> **How to complete this task**: Could you print the full listing below, keeping each line identical?

> **Exercise inputs**:
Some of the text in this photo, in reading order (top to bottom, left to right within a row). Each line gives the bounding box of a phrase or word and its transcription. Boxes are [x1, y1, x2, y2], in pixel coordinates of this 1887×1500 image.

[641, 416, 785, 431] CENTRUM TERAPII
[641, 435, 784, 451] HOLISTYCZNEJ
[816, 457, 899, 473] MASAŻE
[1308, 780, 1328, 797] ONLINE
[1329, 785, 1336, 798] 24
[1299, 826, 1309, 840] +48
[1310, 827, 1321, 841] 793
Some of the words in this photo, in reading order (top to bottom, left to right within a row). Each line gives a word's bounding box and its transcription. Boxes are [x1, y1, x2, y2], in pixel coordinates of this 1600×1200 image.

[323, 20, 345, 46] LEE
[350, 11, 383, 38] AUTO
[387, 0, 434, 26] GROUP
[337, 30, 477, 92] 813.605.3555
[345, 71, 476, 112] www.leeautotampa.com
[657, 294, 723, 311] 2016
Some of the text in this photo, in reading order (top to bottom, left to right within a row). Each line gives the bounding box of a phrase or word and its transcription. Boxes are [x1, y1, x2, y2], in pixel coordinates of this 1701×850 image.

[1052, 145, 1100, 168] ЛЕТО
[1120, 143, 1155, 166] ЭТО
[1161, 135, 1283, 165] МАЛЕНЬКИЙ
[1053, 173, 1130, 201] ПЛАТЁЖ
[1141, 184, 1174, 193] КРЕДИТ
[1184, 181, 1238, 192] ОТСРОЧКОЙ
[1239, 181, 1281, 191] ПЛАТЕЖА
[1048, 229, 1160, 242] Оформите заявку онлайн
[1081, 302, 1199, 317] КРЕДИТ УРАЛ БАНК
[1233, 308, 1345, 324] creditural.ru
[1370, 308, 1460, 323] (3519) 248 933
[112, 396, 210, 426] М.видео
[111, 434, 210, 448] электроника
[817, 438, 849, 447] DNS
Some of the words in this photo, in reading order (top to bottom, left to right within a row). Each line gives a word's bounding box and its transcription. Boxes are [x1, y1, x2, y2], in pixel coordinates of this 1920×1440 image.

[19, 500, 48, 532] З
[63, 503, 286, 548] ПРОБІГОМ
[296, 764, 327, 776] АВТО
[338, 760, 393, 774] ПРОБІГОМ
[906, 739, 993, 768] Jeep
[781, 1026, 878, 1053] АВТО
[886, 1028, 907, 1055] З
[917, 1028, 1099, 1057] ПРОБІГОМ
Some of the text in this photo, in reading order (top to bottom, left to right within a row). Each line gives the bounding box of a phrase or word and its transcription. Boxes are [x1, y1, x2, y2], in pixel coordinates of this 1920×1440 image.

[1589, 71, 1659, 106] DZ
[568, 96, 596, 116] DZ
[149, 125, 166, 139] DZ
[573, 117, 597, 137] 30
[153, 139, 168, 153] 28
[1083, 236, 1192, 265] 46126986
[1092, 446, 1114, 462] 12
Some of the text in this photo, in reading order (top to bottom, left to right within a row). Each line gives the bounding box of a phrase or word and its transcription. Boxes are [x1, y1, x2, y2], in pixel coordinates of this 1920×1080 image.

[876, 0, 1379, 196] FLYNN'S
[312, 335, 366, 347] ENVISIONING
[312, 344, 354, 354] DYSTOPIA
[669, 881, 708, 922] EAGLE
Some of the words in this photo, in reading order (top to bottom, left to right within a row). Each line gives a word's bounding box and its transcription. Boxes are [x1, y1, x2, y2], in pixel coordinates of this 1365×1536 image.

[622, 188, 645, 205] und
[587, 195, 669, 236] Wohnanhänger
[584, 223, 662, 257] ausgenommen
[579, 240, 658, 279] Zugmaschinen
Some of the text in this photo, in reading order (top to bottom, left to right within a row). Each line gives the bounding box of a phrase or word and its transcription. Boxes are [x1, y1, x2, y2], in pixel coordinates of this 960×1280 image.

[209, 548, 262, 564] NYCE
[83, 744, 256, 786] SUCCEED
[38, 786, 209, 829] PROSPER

> **Response area**:
Some of the text in this photo, in reading order (top to bottom, left to right within a row). Each line gives the bounding box of a phrase or word and its transcription. Boxes are [x1, y1, x2, y2], in pixel coordinates of this 1887×1500 image.

[641, 416, 785, 431] CENTRUM TERAPII
[641, 435, 784, 451] HOLISTYCZNEJ
[816, 457, 899, 473] MASAŻE
[1308, 780, 1328, 797] ONLINE
[1329, 785, 1336, 798] 24
[1299, 826, 1309, 840] +48
[1310, 827, 1321, 841] 793
Some of the words in this photo, in reading order (top to bottom, left to right within a row). Each line gives a word's bounding box and its transcription. Boxes are [x1, y1, x2, y2], in pixel coordinates of this 1600×1200 image.

[323, 20, 345, 46] LEE
[350, 11, 383, 38] AUTO
[387, 0, 434, 26] GROUP
[337, 30, 477, 92] 813.605.3555
[345, 71, 476, 112] www.leeautotampa.com
[657, 294, 723, 311] 2016
Some of the text in this photo, in reading order (top to bottom, left to right within a row). Each line gives the bounding box of a phrase or word and its transcription. Boxes are [x1, y1, x2, y2], in pixel coordinates of this 1701×850 image.

[1052, 145, 1100, 168] ЛЕТО
[1120, 143, 1155, 166] ЭТО
[1161, 135, 1283, 165] МАЛЕНЬКИЙ
[1053, 173, 1130, 201] ПЛАТЁЖ
[1141, 184, 1174, 193] КРЕДИТ
[1184, 181, 1238, 192] ОТСРОЧКОЙ
[1239, 181, 1281, 191] ПЛАТЕЖА
[1048, 229, 1160, 242] Оформите заявку онлайн
[1081, 302, 1199, 317] КРЕДИТ УРАЛ БАНК
[1233, 308, 1345, 324] creditural.ru
[1370, 308, 1460, 323] (3519) 248 933
[112, 396, 210, 426] М.видео
[111, 434, 210, 448] электроника
[817, 438, 849, 447] DNS
Some of the words in this photo, in reading order (top to bottom, left to right within a row). Each line gives a word's bounding box and its transcription. Boxes are [x1, y1, x2, y2], in pixel coordinates of this 1920×1440 image.

[19, 500, 48, 532] З
[63, 503, 286, 548] ПРОБІГОМ
[296, 764, 327, 776] АВТО
[338, 760, 393, 774] ПРОБІГОМ
[906, 739, 993, 768] Jeep
[781, 1026, 878, 1053] АВТО
[886, 1028, 907, 1055] З
[917, 1028, 1099, 1057] ПРОБІГОМ
Some of the text in this photo, in reading order (top to bottom, left to right within a row). Each line gives the bounding box of a phrase or word and its transcription. Boxes are [x1, y1, x2, y2], in pixel coordinates of this 1920×1440 image.

[1589, 71, 1659, 106] DZ
[568, 96, 596, 116] DZ
[149, 125, 166, 139] DZ
[573, 117, 597, 137] 30
[153, 139, 168, 153] 28
[1083, 236, 1192, 265] 46126986
[1092, 446, 1114, 462] 12
Some of the text in this photo, in reading order (top to bottom, left to right within a row). Each line gives the bounding box of a phrase or word and its transcription. Boxes are [x1, y1, x2, y2], in pixel coordinates of this 1920×1080 image.

[876, 0, 1379, 196] FLYNN'S
[312, 335, 366, 347] ENVISIONING
[312, 344, 354, 354] DYSTOPIA
[669, 881, 708, 922] EAGLE
Some of the words in this photo, in reading order (top to bottom, left to right within a row). Each line gives a word's bounding box and its transcription. Boxes are [x1, y1, x2, y2], in pixel coordinates of this 1365×1536 image.

[622, 188, 645, 205] und
[587, 195, 669, 236] Wohnanhänger
[584, 223, 662, 257] ausgenommen
[579, 240, 658, 279] Zugmaschinen
Some of the text in this photo, in reading order (top to bottom, left to right within a row). Each line gives the bounding box of a phrase or word and its transcription. Boxes are [x1, y1, x2, y2], in pixel coordinates of this 960×1280 image.

[209, 548, 262, 564] NYCE
[83, 744, 256, 786] SUCCEED
[38, 786, 209, 829] PROSPER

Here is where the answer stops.